**Exercise:**
The whole listing below, with no pictures, is to be repeated as it stands.
* * *
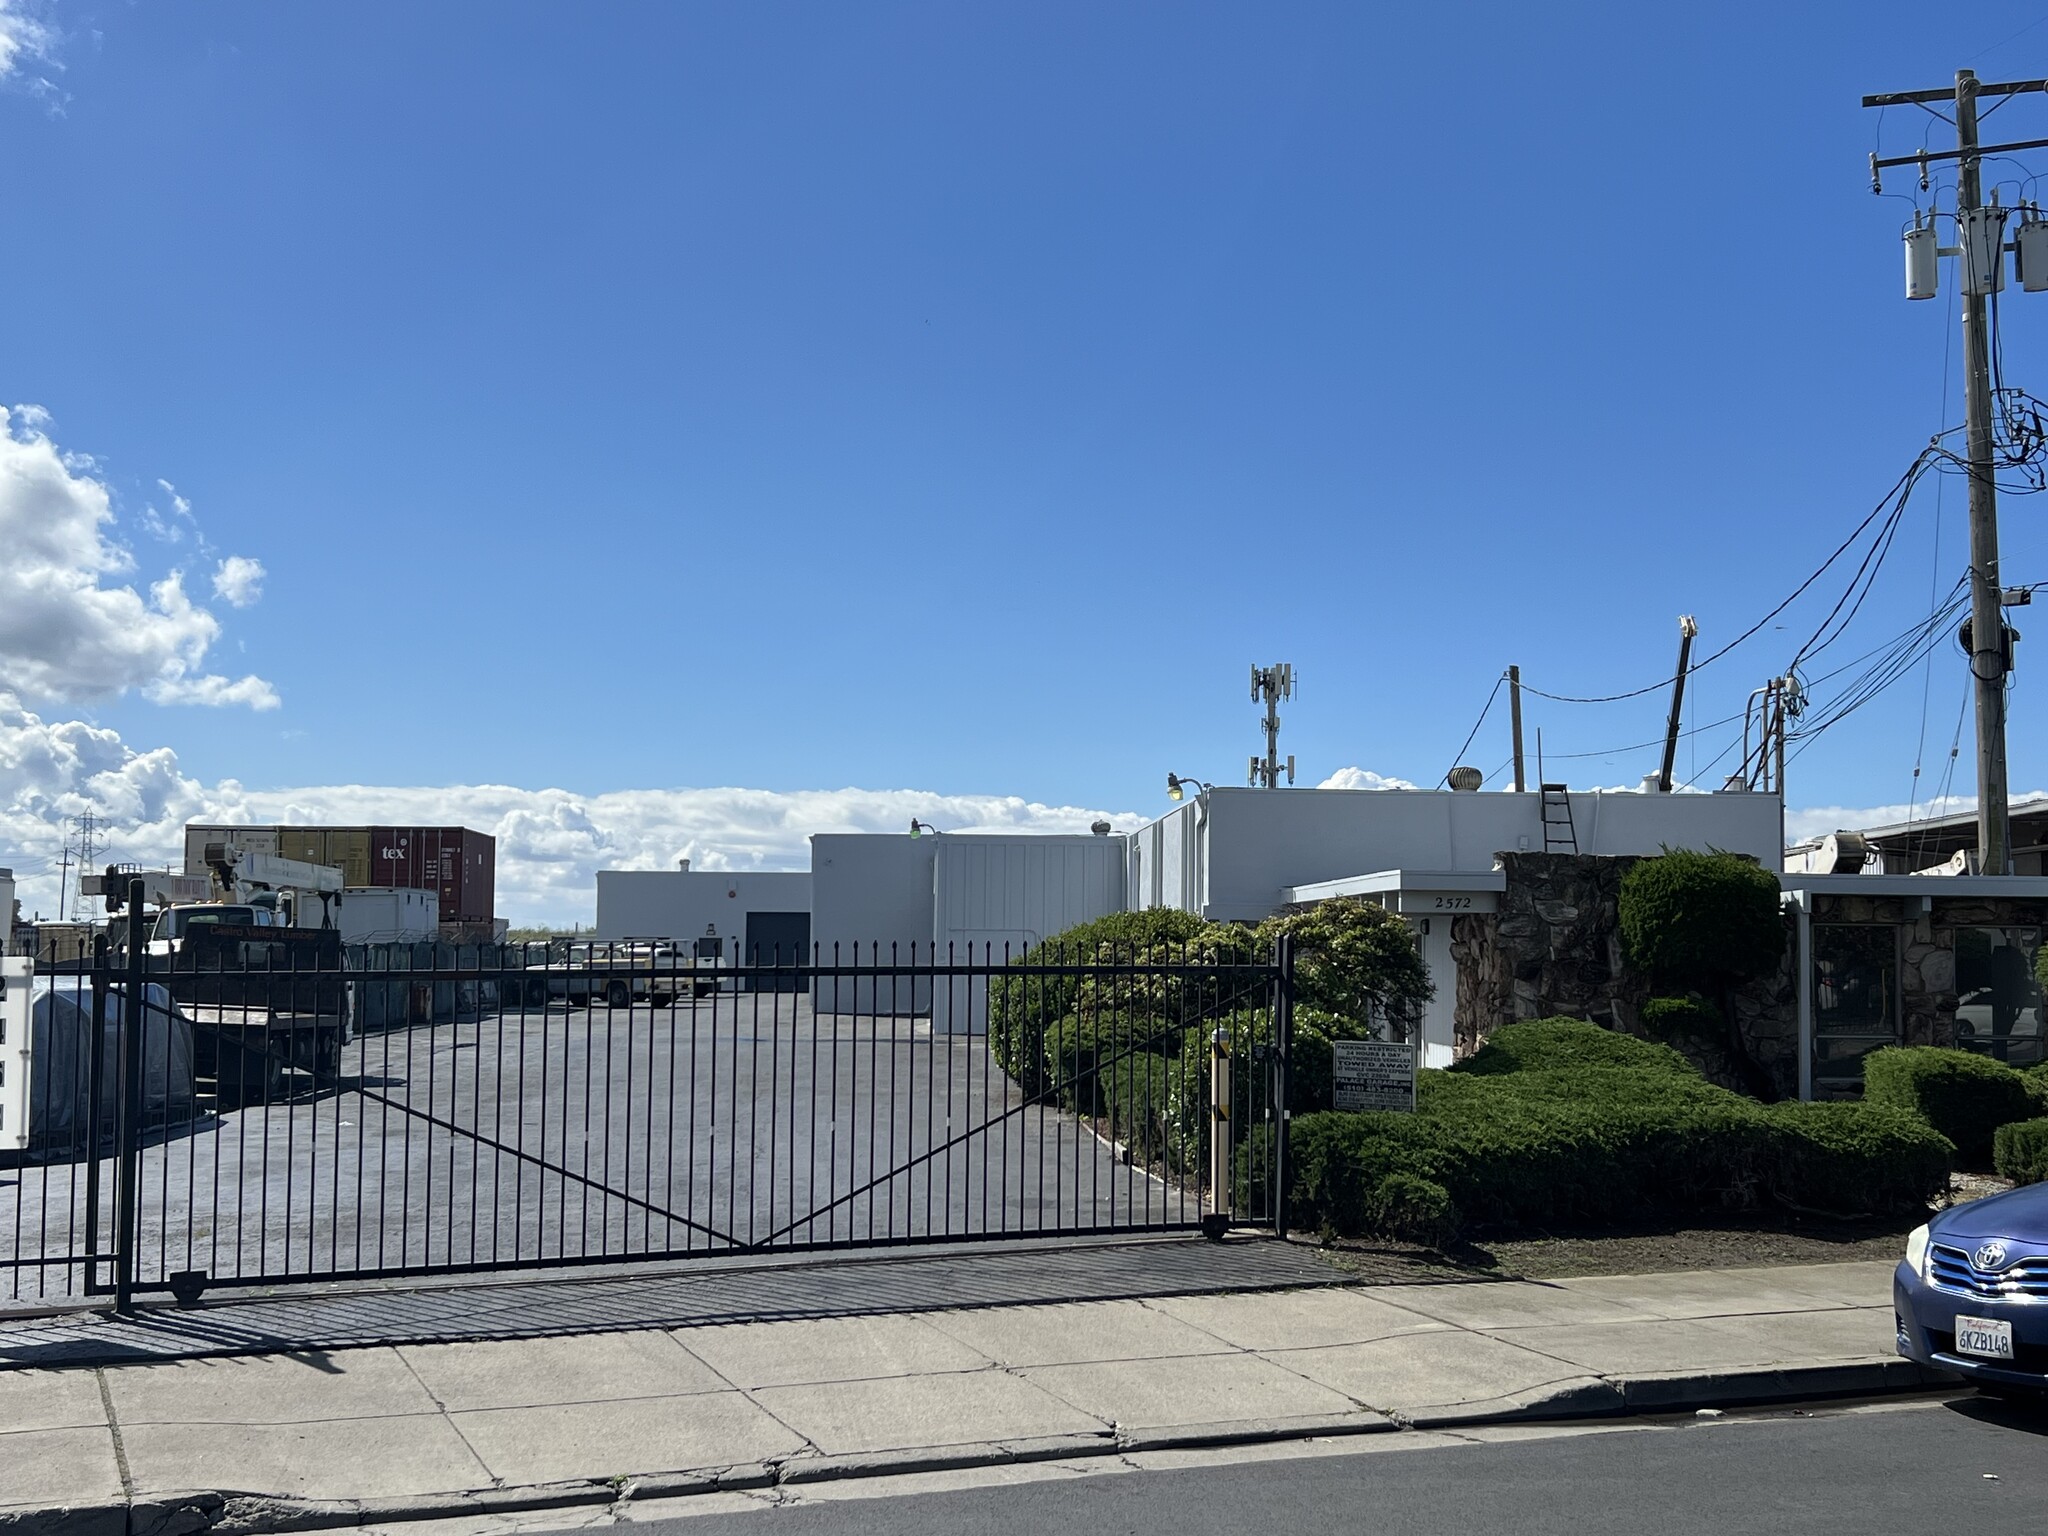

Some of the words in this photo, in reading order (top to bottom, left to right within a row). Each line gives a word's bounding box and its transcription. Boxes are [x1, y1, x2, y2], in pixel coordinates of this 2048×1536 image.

[381, 846, 405, 860] tex
[1435, 896, 1471, 909] 2572
[210, 925, 243, 937] Castro
[246, 927, 277, 939] Valley
[281, 929, 317, 940] Lumber
[1959, 1330, 2009, 1354] 6KZB148
* * *
**Solution to this problem:**
Some of the words in this photo, in reading order (top to bottom, left to right within a row). Each line gives a word's bounding box and its transcription. Boxes are [x1, y1, x2, y2], in pixel coordinates of this 2048×1536 image.

[381, 846, 405, 860] tex
[1435, 896, 1471, 909] 2572
[210, 925, 243, 937] Castro
[246, 927, 277, 939] Valley
[281, 929, 317, 940] Lumber
[1959, 1330, 2009, 1354] 6KZB148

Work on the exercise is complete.